The story of the Lamberts’ entrepreneurial success with Countrywide Glass & Door Services, which is headquartered in Walpole, Mass., traces back more than five decades. Rhonda’s father started United States Emergency Glass (USEG) in 1972, and the company served some of the country’s largest brick-and-mortar retail outlets with glass and door maintenance. Rhonda worked with her father, brother and sister before founding Countrywide. A few years later, in 2011, USEG was acquired by Miner Corporation, which now uses Countrywide as a subsidiary for local glass and door repairs and replacements in Countrywide’s Massachusetts, Texas, Florida and Colorado locations.
Former bookkeeper leaves books in a poor state
Meanwhile, Greg ran a retail produce and deli chain in the Boston area for his entire professional life until he sold his business nearly four years ago. Rhonda said there was a role for him at Countrywide: bookkeeper.
“I wasn’t going to jump in a truck and handle the glass repairs, but I could take care of Countrywide’s bookkeeping,” Greg said.
The problem? While the business was thriving, the books were left in a poor state by the company’s former bookkeeper. The prudent course, the Lamberts found, was to hire a professional firm who could revamp Countrywide’s back-end financial reporting system and keep their stress levels in check as they focused on sales and business growth. They turned to Remote Quality Bookkeeping (RQB) in 2013.
“It was a tough first year – not on RQB’s part, but because of how our books had been run,” Rhonda said. “Within a year, they turned everything around for us so that we could run the company the way it needed to be run.”
How outsourcing their bookkeeping needs, helped their company grow
Rather than micromanaging the books, the Lamberts could put more time toward seeing clients, talking to prospective clients and even bringing on additional staff.
“We figured, ‘what do we have to lose here?’” Greg said. “RQB helps us save time and money.

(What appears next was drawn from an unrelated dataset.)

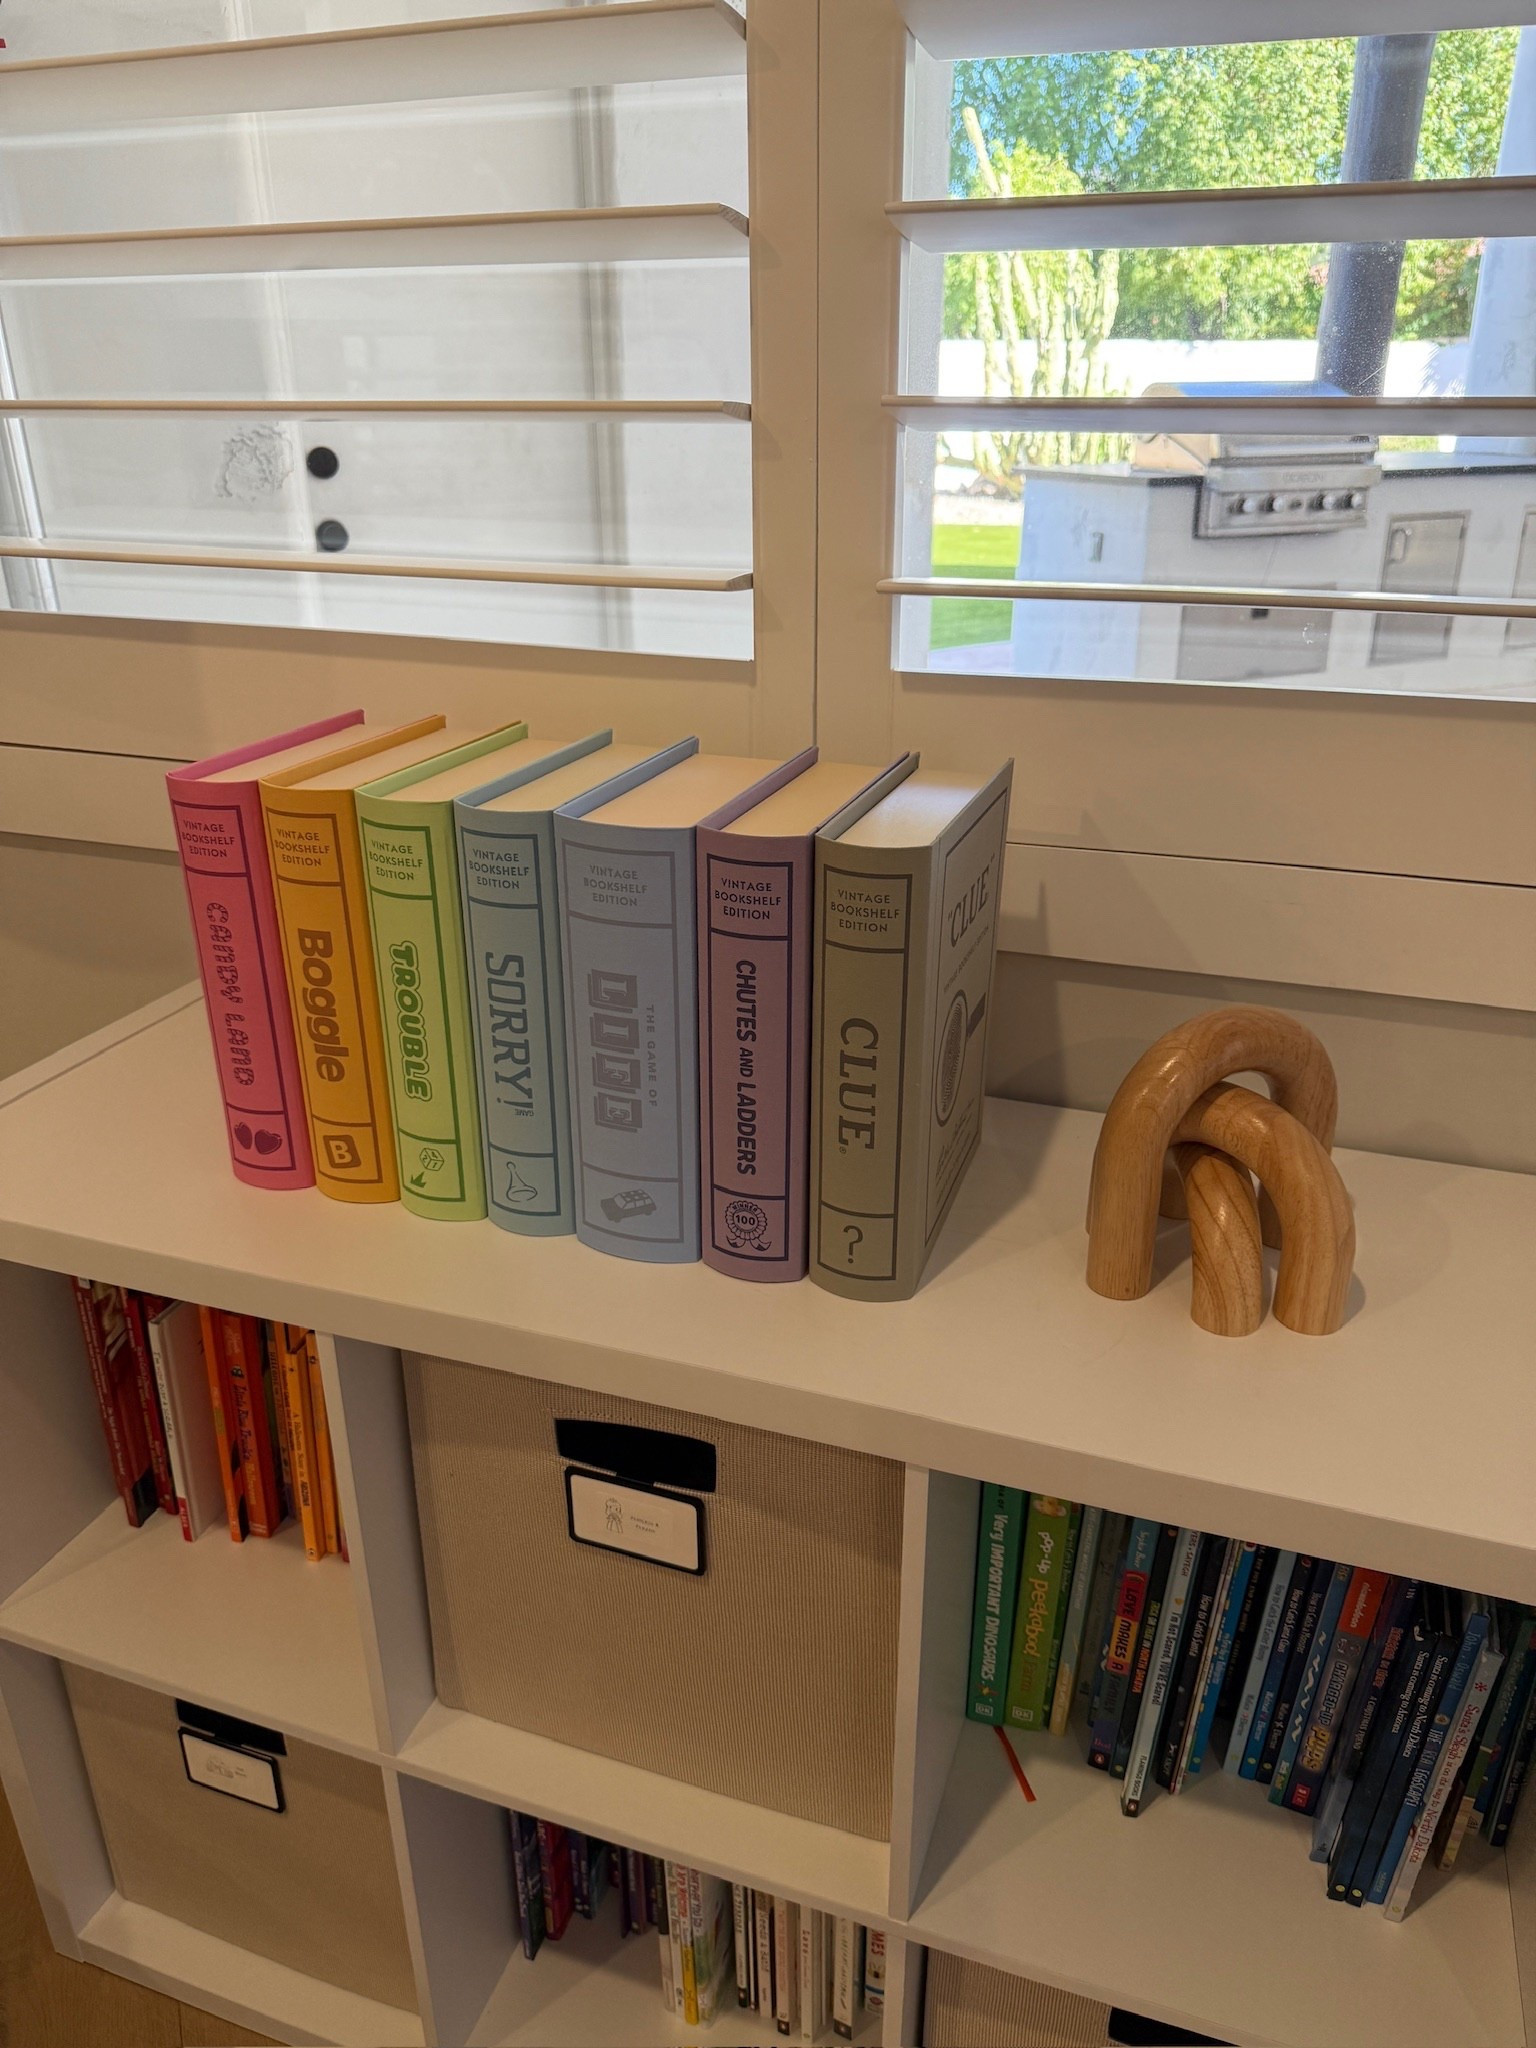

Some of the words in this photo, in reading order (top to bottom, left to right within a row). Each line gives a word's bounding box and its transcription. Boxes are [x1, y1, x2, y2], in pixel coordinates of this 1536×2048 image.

They take care of everything for us. It’s nice when you can go into QuickBooks, look at your financials and for the most part they’re all up to date, whenever you need them.”

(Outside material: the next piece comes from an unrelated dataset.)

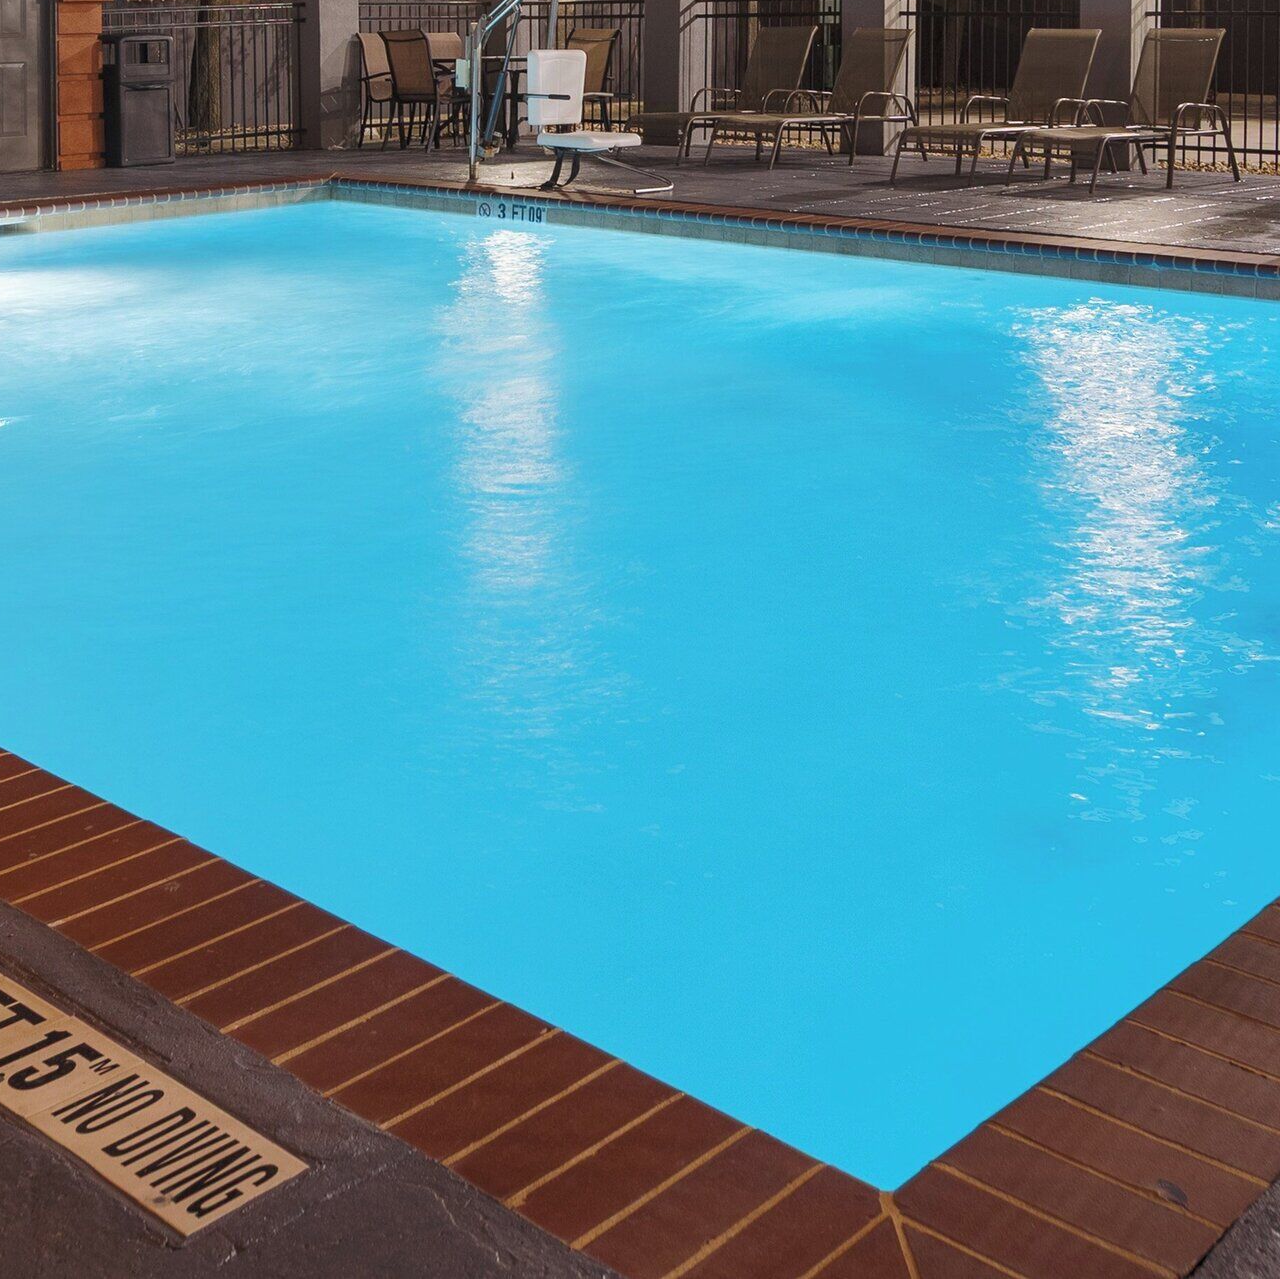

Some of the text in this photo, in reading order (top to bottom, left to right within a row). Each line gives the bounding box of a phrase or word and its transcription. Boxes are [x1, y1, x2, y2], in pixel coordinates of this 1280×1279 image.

[497, 203, 506, 219] 3
[511, 204, 527, 221] FT
[51, 1073, 164, 1134] NO
[101, 1106, 279, 1218] DIVING

Under Countrywide’s business model, the financials for the company’s four locations outside of Massachusetts come into Walpole, which is the flagship site and where the Lamberts are based. The company has around 15 employees total.
“Everything flows through Massachusetts,” Greg says. “RQB takes care of the Massachusetts location, and the Massachusetts location takes care of all the other states.”
The biggest benefit to outsourcing the company’s accounting needs is that every piece of accounting data the Lamberts need is available with a few clicks of a button. While running his own business for 35 years, Greg said he would often require several weeks to compile financial statements when they were needed. Now, when he needs year-end statements for tax purposes, all of the information is up to date.
Virtual Bookkeeping worked for us
“We’re not a big company,” Greg said. “When the government asks for something they want, they don’t give you a lot of time.”
The Lamberts say that Countrywide has grown steadily since the business’ initial opening, and they have now had consecutive years of strong revenue increase – not coincidentally, that recent growth has come since they outsourced their bookkeeping functions, freeing them to put more of an emphasis on marketing and sales.
“When we first thought about outsourcing, we just didn’t know if it made sense to put our trust in somebody outside of our own office,” Rhonda said. “But it’s one of the best things we did for the company. It’s been a great experience for us.”
Added Greg: “For us, the arrow is pointing the right way.”